Как-то поэт припозднился и постучался к скульптору за полночь. Холод. Непогода. Темень кромешная. А тот, нет бы, поскорее впустить своего промокшего да продрогшего тёзку, экспромт от него потребовал – иначе, мол, не открою. Стоя под дождём, Сергей тут же сочинил строки, оканчивающиеся так: «И небом лающий Конёнков сквозь звёзды пролагает путь».
Следует рассказать и о дружбе Есенина с Анатолием Мариенгофом, весьма практичным человеком и не бездарным литератором, с которым он познакомился в 1918 году. Этот городской до мозга костей человек воплощал собою всё то, чего Сергею, как выходцу из деревни, так не доставало. Мариенгоф был и воспитан, и образован, и лощён. А такие качества, как ироничность и даже некоторая склонность к цинизму, только подчёркивали его бросающуюся в глаза интеллигентность, придавая ей оттенок снобистского превосходства.
Разводу Есенина с Райх весьма поспособствовал именно Мариенгоф. Зинаида Николаевна его инстинктивно недолюбливала, а он убеждал Сергея в том, что поэту семейная жизнь противопоказана. Впрочем, в эту пору такой человек и был необходим Есенину, не желавшему называться узко деревенским поэтом. Ему хотелось говорить для России и от имени России, а для этого требовалось навсегда отойти от «кондовости и посконности» и окончательно оторваться от Клюева. Сергей и «Радуницу», свой первый сборник, изданный в 1916 году, изобилующий «деревенщиной», во втором издании постарался облагородить, вытряхнув из него, насколько возможно, местный колорит.
Новые друзья, новые песни. В январе 1919 года в журнале «Сирена» была опубликована «Декларация имажинистов», подписанная Есениным, Мариенгофом, Шершеневичем, Ивневым, Эрдманом и Якуловым.
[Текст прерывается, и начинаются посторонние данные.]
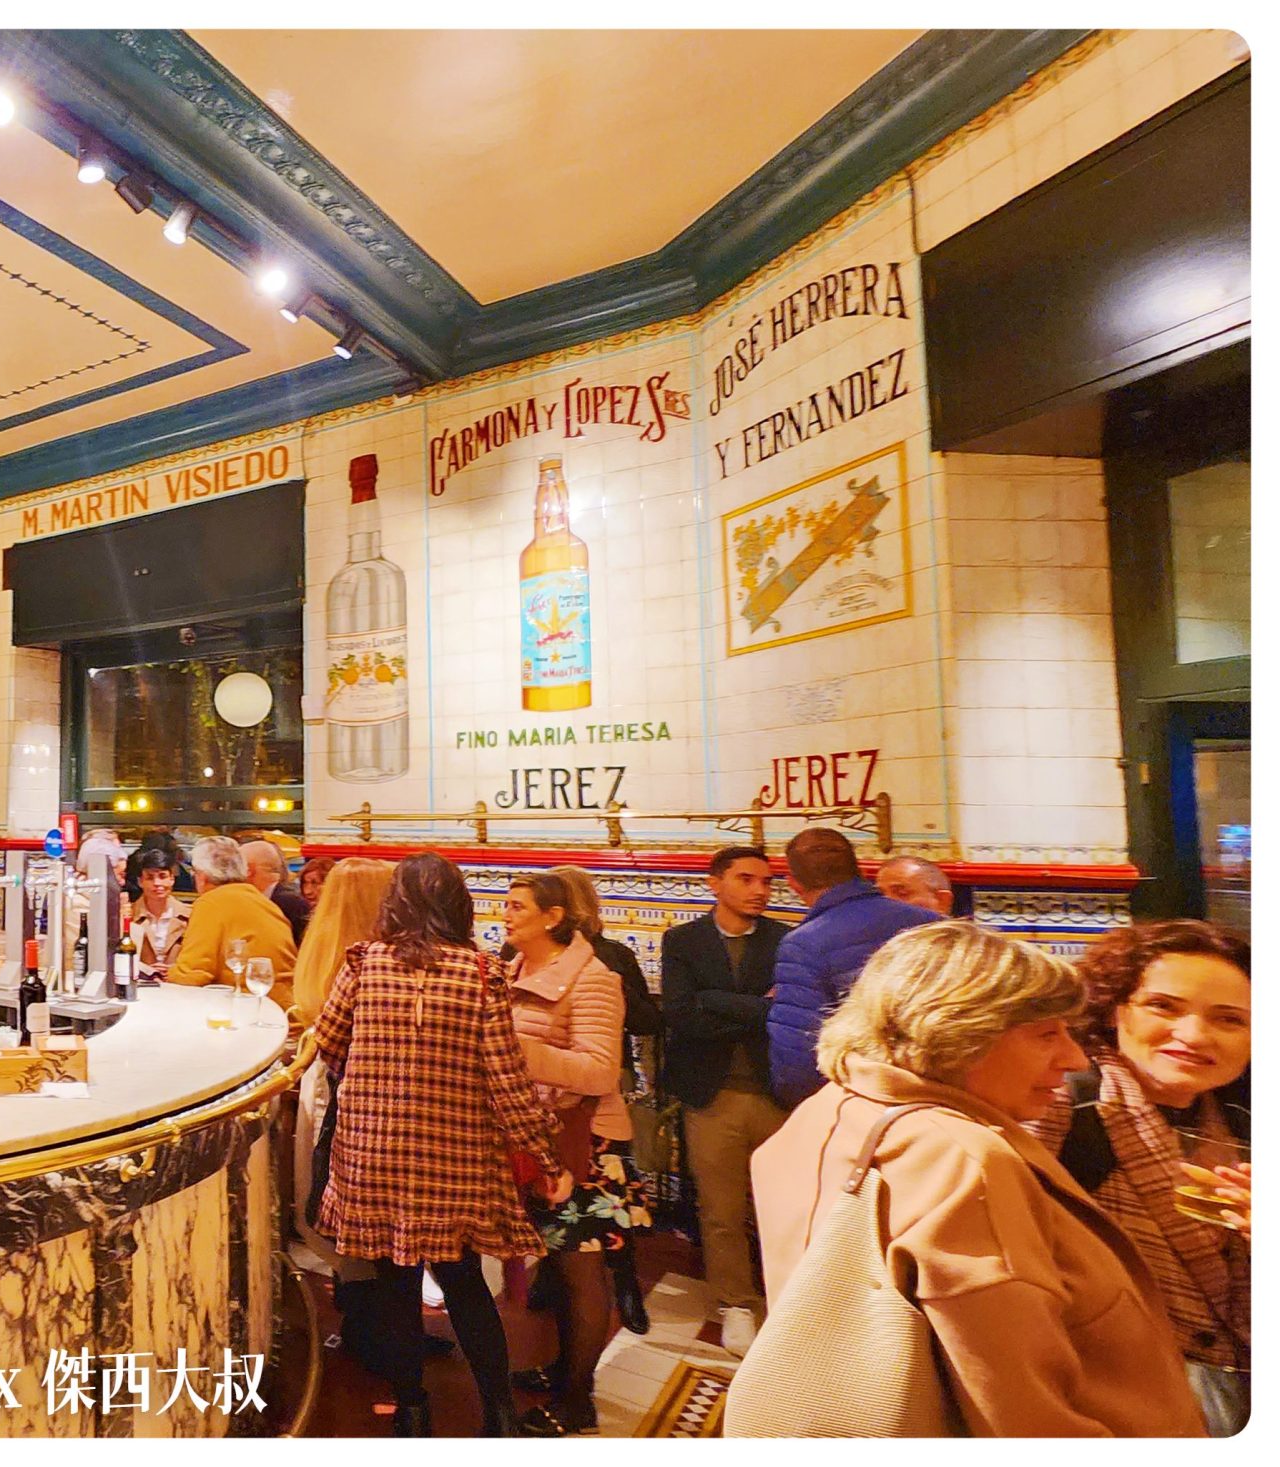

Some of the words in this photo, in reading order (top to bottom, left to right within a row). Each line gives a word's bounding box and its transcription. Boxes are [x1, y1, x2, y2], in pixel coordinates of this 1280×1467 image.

[770, 262, 911, 351] HERRERA
[429, 397, 540, 497] CARMONA
[562, 377, 647, 439] LOPEZ
[714, 437, 731, 480] Y
[742, 348, 908, 469] FERNANDEZ
[23, 507, 44, 538] M.
[51, 479, 149, 532] MARTIN
[165, 445, 289, 504] VISIEDO
[456, 731, 498, 749] FINO
[508, 726, 577, 747] MARIA
[586, 721, 672, 744] TERESA
[759, 748, 881, 808] JEREZ
[494, 765, 629, 809] JEREZ
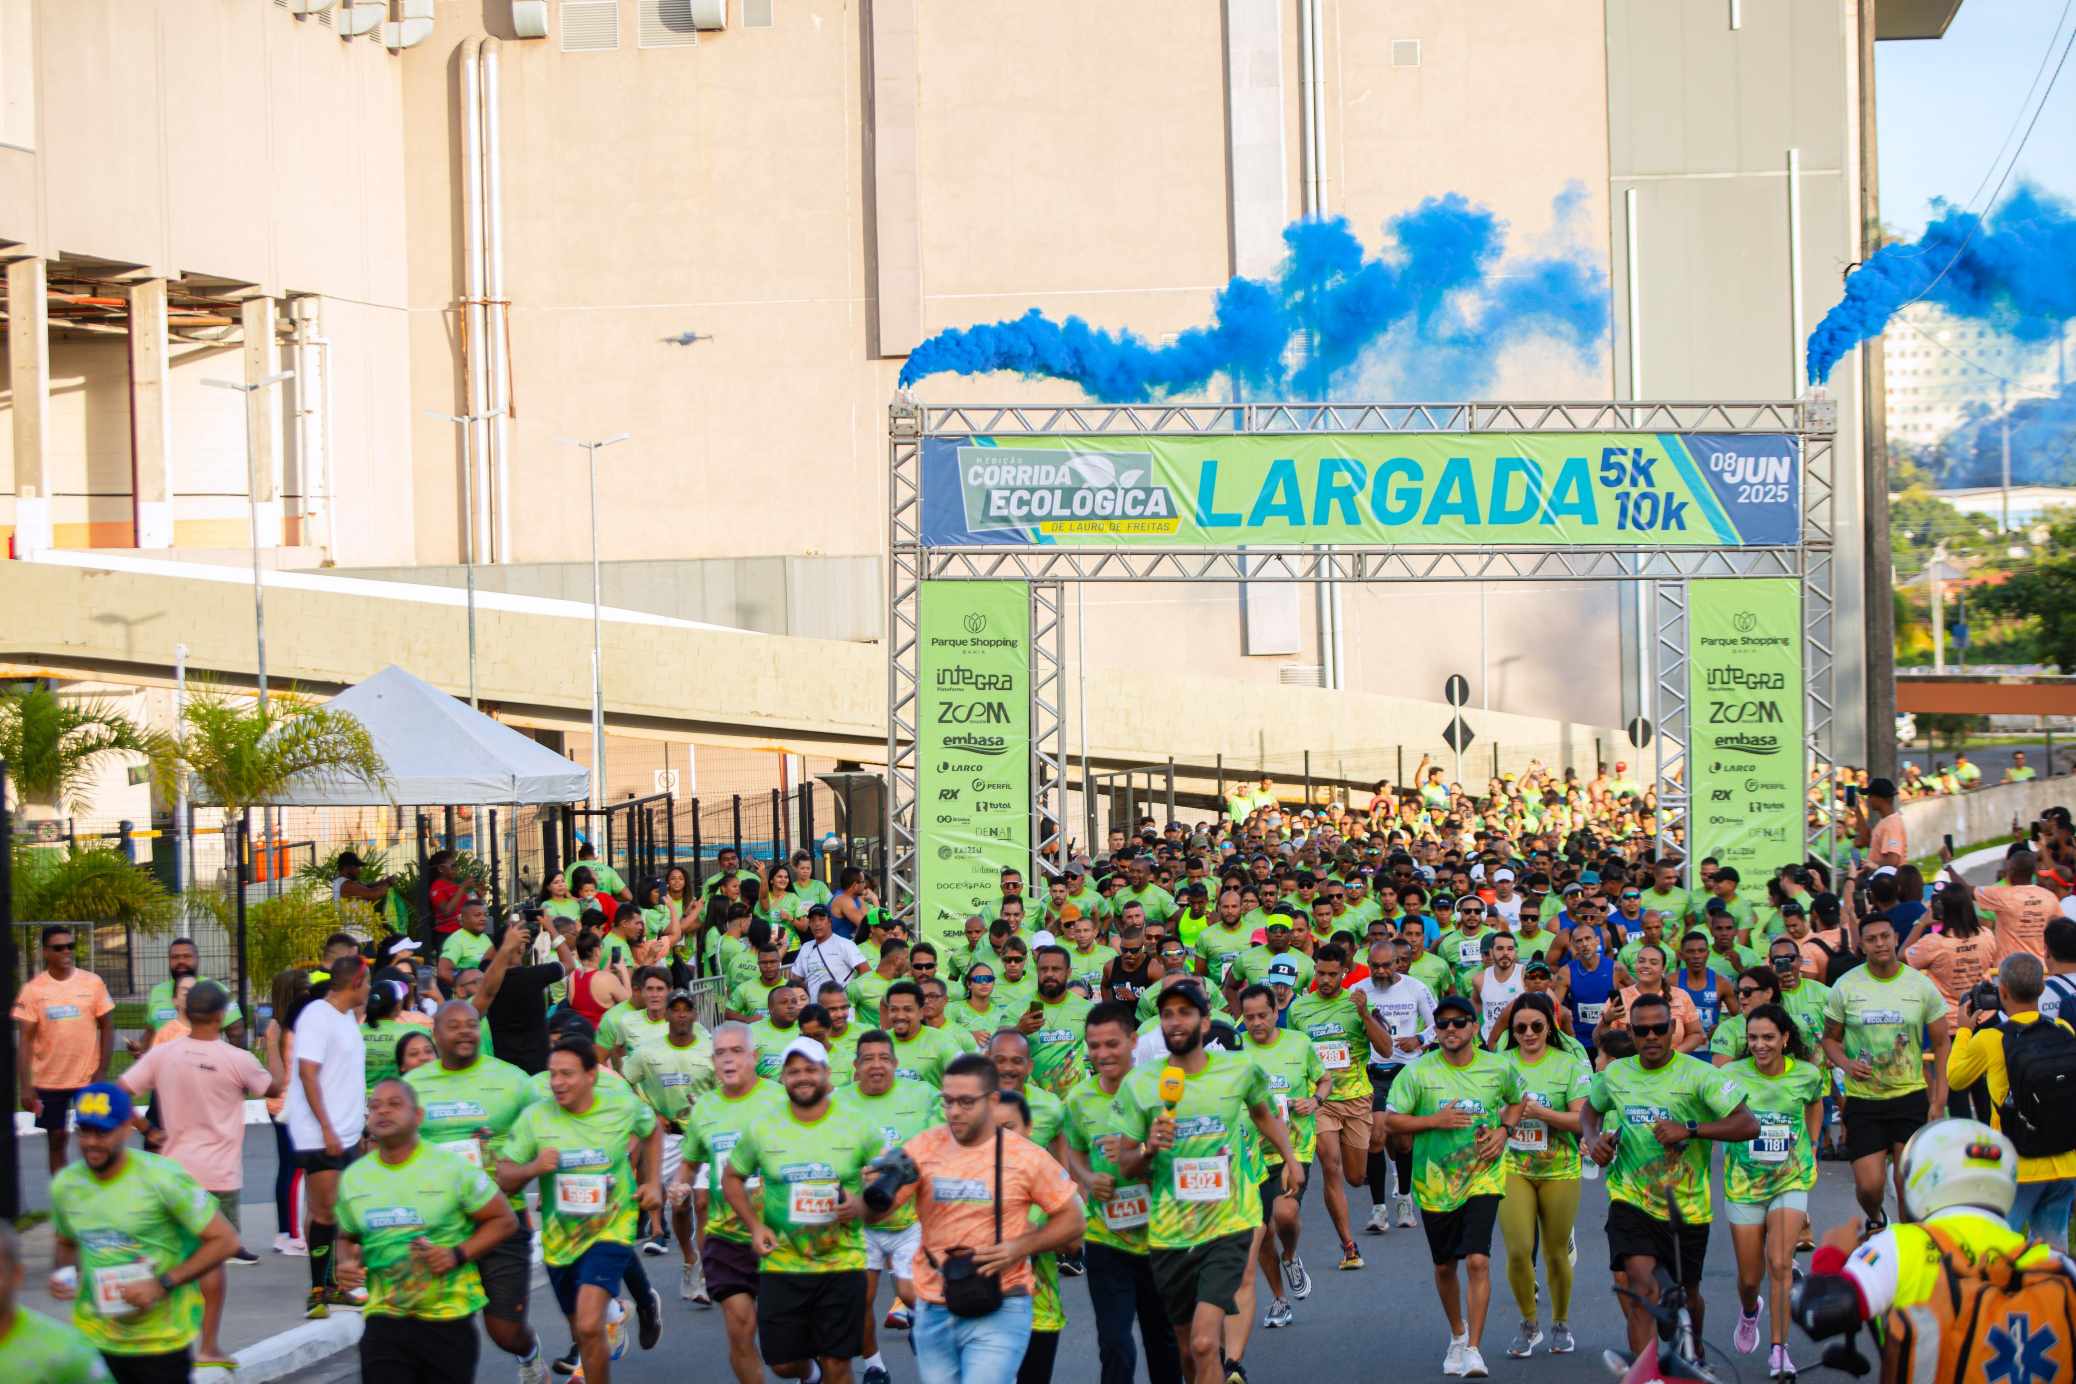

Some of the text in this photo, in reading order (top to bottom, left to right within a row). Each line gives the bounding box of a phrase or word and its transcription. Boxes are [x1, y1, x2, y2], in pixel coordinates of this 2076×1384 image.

[968, 465, 1072, 486] CORRIDA
[1599, 447, 1659, 488] 5k
[1709, 452, 1792, 484] 08 JUN
[990, 485, 1170, 516] ECOLÓGICA
[1197, 458, 1599, 527] LARGADA
[1736, 485, 1790, 503] 2025
[1615, 491, 1690, 531] 10k
[1127, 522, 1170, 531] FREITAS
[931, 637, 1018, 648] Parque Shopping
[1701, 636, 1790, 646] Parque Shopping
[938, 701, 1011, 724] ZOOM
[1709, 701, 1784, 724] ZOOM
[943, 732, 1005, 746] embasa
[1714, 732, 1778, 746] embasa
[952, 764, 983, 772] LARCO
[938, 788, 960, 800] RX
[1711, 789, 1733, 801] RX
[973, 881, 992, 889] PÃO
[1515, 1128, 1537, 1144] 410
[1763, 1138, 1785, 1152] 1181
[1187, 1172, 1217, 1189] 502
Целью своих творческих исканий они провозглашали яркую, зримую образность, торжествующую над языком, логикой и даже смыслом.
Тогда же было организовано и кооперативное издательство «Имажинисты». А вскоре, чтобы как-то кормиться в наступившее голодное время, поэты открыли и две книжные лавки: в одной торговали Шершеневич и Кусиков, в другой – «художники слова» Есенин и Мариенгоф. Поэтическое кафе «Стойло Пегаса», устроенное имажинистами в 1919-м на месте бывшего артистического кафе «Бом», тоже давало возможность заработка.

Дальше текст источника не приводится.